Data for processing section start
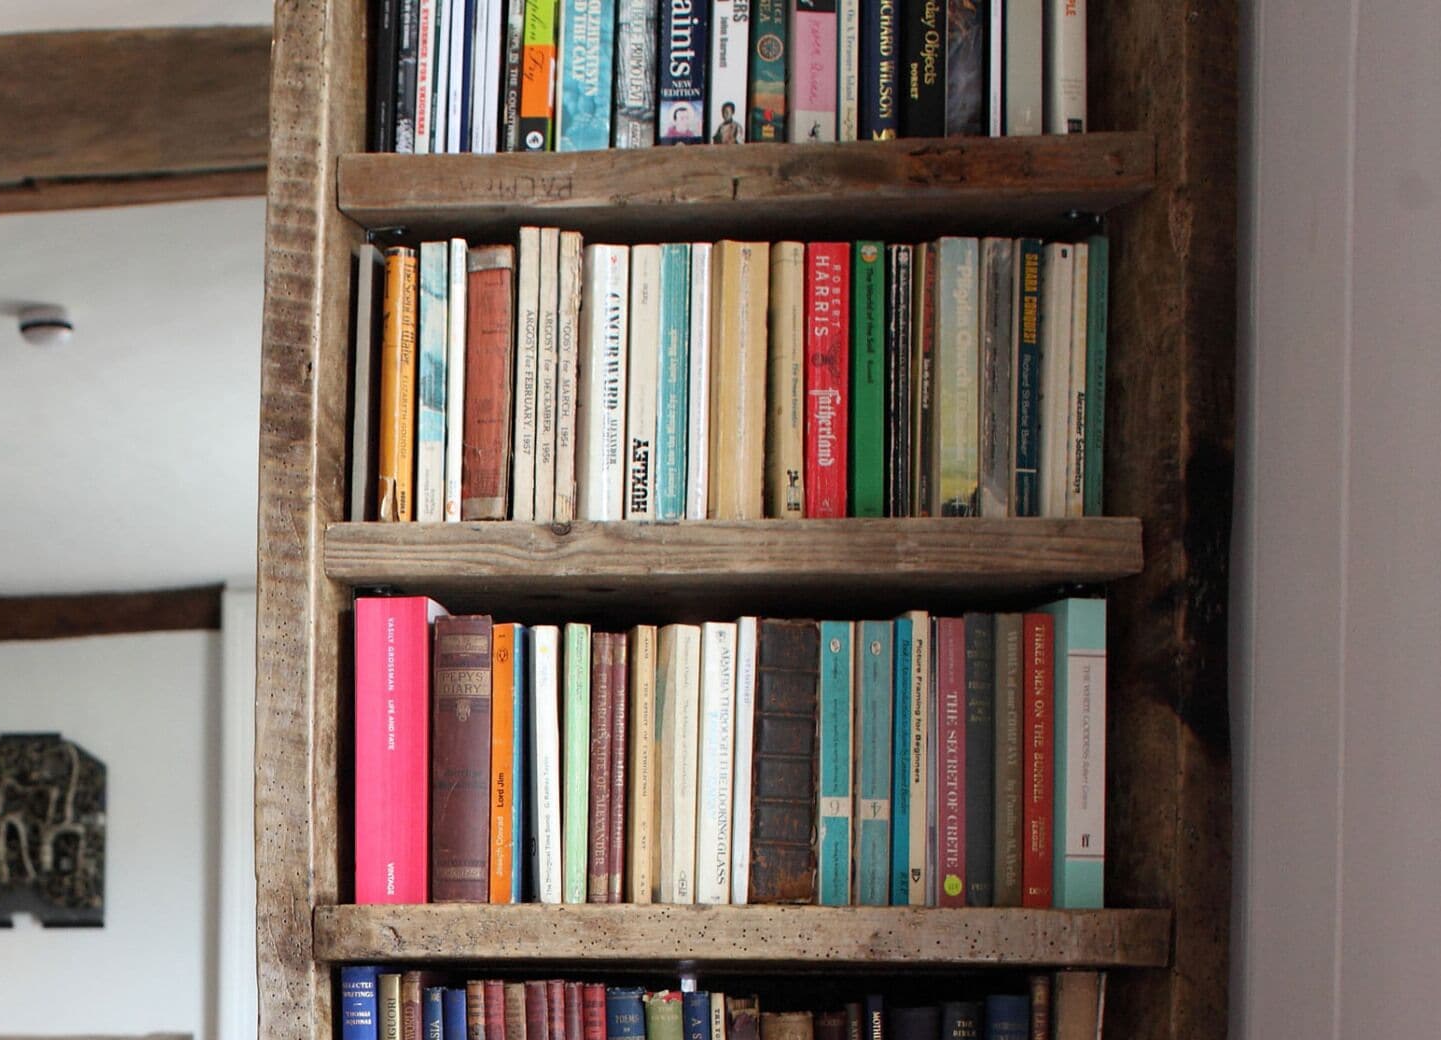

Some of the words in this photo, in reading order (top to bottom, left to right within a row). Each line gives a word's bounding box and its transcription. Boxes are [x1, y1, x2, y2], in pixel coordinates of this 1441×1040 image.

[573, 15, 587, 42] THE
[523, 48, 544, 80] Fry
[572, 46, 586, 80] CALF
[630, 42, 643, 77] PRIMO
[921, 31, 940, 85] Objects
[508, 68, 518, 86] THE
[629, 78, 642, 103] LEVI
[672, 80, 692, 88] NEW
[878, 61, 893, 118] WILSON
[1023, 253, 1038, 291] SAHARA
[814, 255, 830, 337] HARRIS
[831, 264, 841, 328] ROBERT
[952, 265, 974, 326] Pilgrim
[402, 315, 414, 327] of
[524, 309, 535, 354] ARGOSY
[543, 311, 554, 353] ARGOSY
[1023, 296, 1037, 344] CONQUEST
[524, 354, 534, 369] for
[543, 359, 553, 372] for
[561, 359, 571, 372] for
[956, 330, 973, 387] Church
[809, 387, 842, 467] Fatherland
[1075, 391, 1085, 435] Alexander
[522, 433, 532, 455] 1957
[541, 442, 551, 465] 1956
[560, 426, 570, 448] 1954
[631, 438, 650, 513] HUXLEY
[386, 617, 395, 643] VASILY
[1034, 624, 1045, 665] THREE
[386, 646, 395, 692] GROSSMAN
[719, 647, 731, 690] ARABIA
[915, 638, 923, 673] Picture
[442, 684, 482, 694] DIARY
[913, 675, 923, 715] Framing
[1034, 669, 1045, 696] MEN
[387, 699, 396, 714] LIFE
[718, 690, 730, 757] THROUGH
[946, 691, 957, 725] THE
[1034, 700, 1045, 718] ON
[387, 716, 396, 732] AND
[914, 718, 922, 732] for
[1033, 723, 1044, 748] THE
[387, 733, 396, 751] FATE
[596, 744, 607, 771] LIFE
[912, 734, 922, 784] Beginners
[946, 730, 957, 788] SECRET
[496, 772, 505, 789] Jim
[596, 776, 607, 790] OF
[717, 759, 729, 784] THE
[1032, 751, 1044, 803] BUMMEL
[496, 790, 505, 808] Lord
[717, 786, 729, 841] LOOKING
[946, 791, 957, 809] OF
[595, 795, 607, 865] ALEXANDER
[946, 814, 958, 868] CRETE
[386, 862, 395, 896] VINTAGE
[716, 842, 727, 885] GLASS
[691, 1018, 702, 1026] A
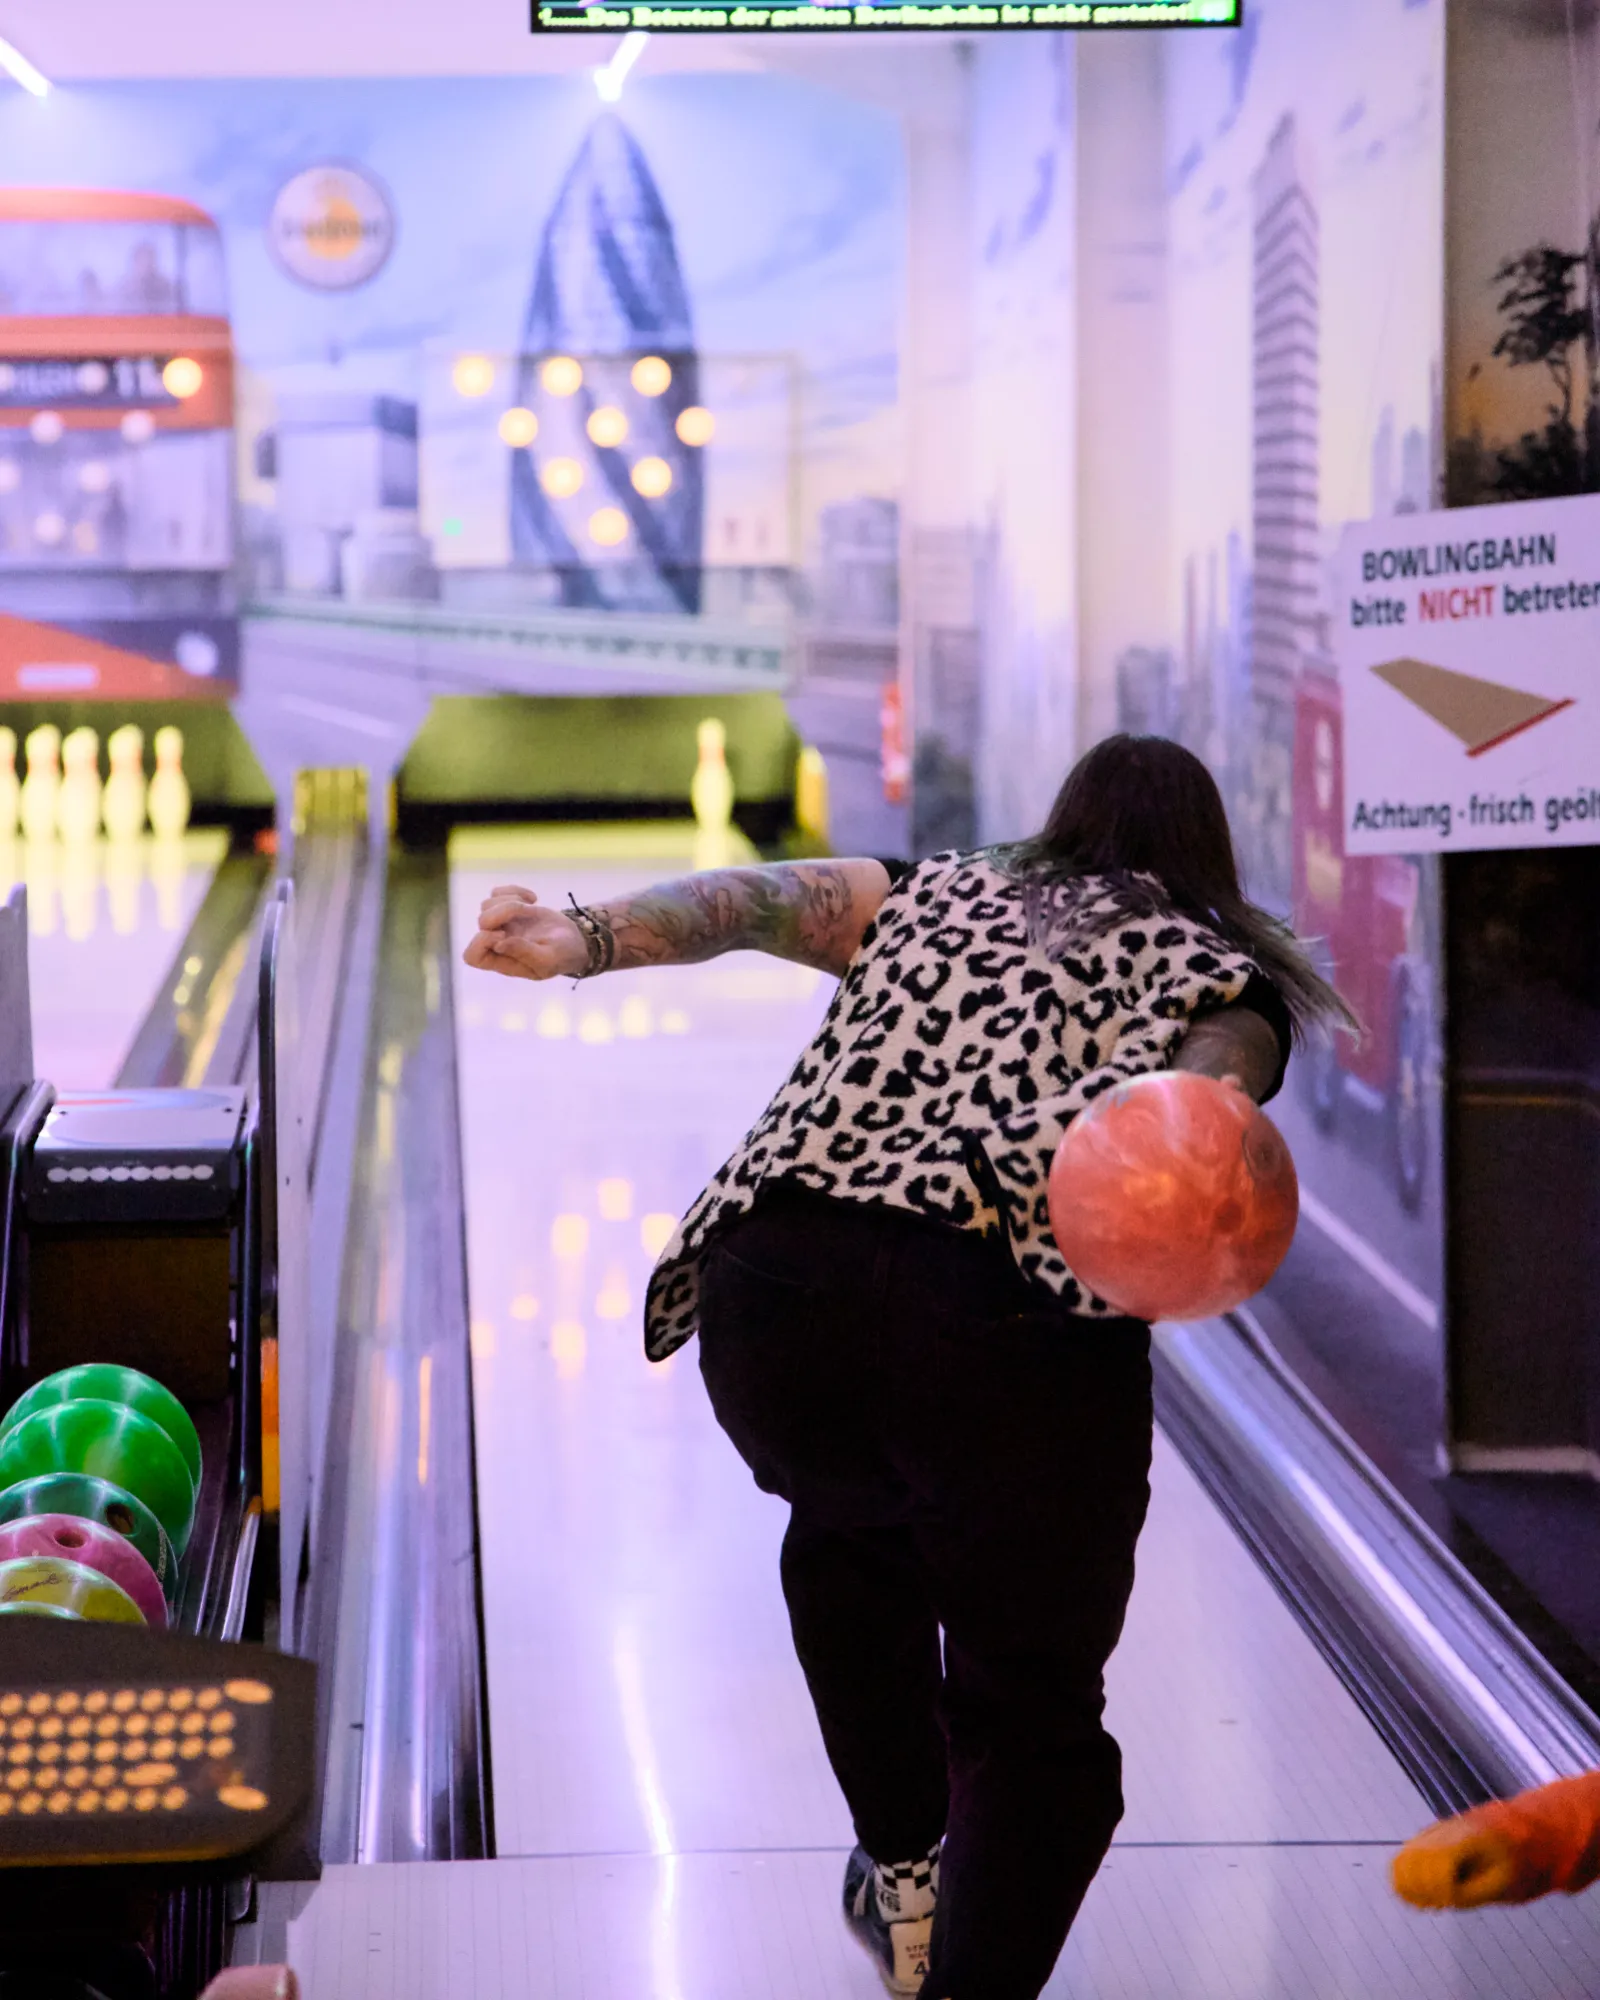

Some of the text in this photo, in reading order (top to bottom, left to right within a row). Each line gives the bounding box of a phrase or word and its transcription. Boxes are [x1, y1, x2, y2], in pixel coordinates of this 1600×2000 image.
Data for processing section end
> _Task description_
Set down all the lines above exactly as they appear, with no pictures.

> _Written solution_
Some of the words in this photo, in reading order (top to bottom, left to right within a row). Each line gives a word's bounding box and its transcription. Boxes are [x1, y1, x2, y2], in pixel coordinates of this 1441×1040 image.

[573, 15, 587, 42] THE
[523, 48, 544, 80] Fry
[572, 46, 586, 80] CALF
[630, 42, 643, 77] PRIMO
[921, 31, 940, 85] Objects
[508, 68, 518, 86] THE
[629, 78, 642, 103] LEVI
[672, 80, 692, 88] NEW
[878, 61, 893, 118] WILSON
[1023, 253, 1038, 291] SAHARA
[814, 255, 830, 337] HARRIS
[831, 264, 841, 328] ROBERT
[952, 265, 974, 326] Pilgrim
[402, 315, 414, 327] of
[524, 309, 535, 354] ARGOSY
[543, 311, 554, 353] ARGOSY
[1023, 296, 1037, 344] CONQUEST
[524, 354, 534, 369] for
[543, 359, 553, 372] for
[561, 359, 571, 372] for
[956, 330, 973, 387] Church
[809, 387, 842, 467] Fatherland
[1075, 391, 1085, 435] Alexander
[522, 433, 532, 455] 1957
[541, 442, 551, 465] 1956
[560, 426, 570, 448] 1954
[631, 438, 650, 513] HUXLEY
[386, 617, 395, 643] VASILY
[1034, 624, 1045, 665] THREE
[386, 646, 395, 692] GROSSMAN
[719, 647, 731, 690] ARABIA
[915, 638, 923, 673] Picture
[442, 684, 482, 694] DIARY
[913, 675, 923, 715] Framing
[1034, 669, 1045, 696] MEN
[387, 699, 396, 714] LIFE
[718, 690, 730, 757] THROUGH
[946, 691, 957, 725] THE
[1034, 700, 1045, 718] ON
[387, 716, 396, 732] AND
[914, 718, 922, 732] for
[1033, 723, 1044, 748] THE
[387, 733, 396, 751] FATE
[596, 744, 607, 771] LIFE
[912, 734, 922, 784] Beginners
[946, 730, 957, 788] SECRET
[496, 772, 505, 789] Jim
[596, 776, 607, 790] OF
[717, 759, 729, 784] THE
[1032, 751, 1044, 803] BUMMEL
[496, 790, 505, 808] Lord
[717, 786, 729, 841] LOOKING
[946, 791, 957, 809] OF
[595, 795, 607, 865] ALEXANDER
[946, 814, 958, 868] CRETE
[386, 862, 395, 896] VINTAGE
[716, 842, 727, 885] GLASS
[691, 1018, 702, 1026] A

Some of the text in this photo, in reading order (top to bottom, left to right within a row). Each line gives the bounding box of a phrase or word and its transcription. Boxes are [x1, y1, x2, y2], in pixel coordinates of this 1600×2000 image.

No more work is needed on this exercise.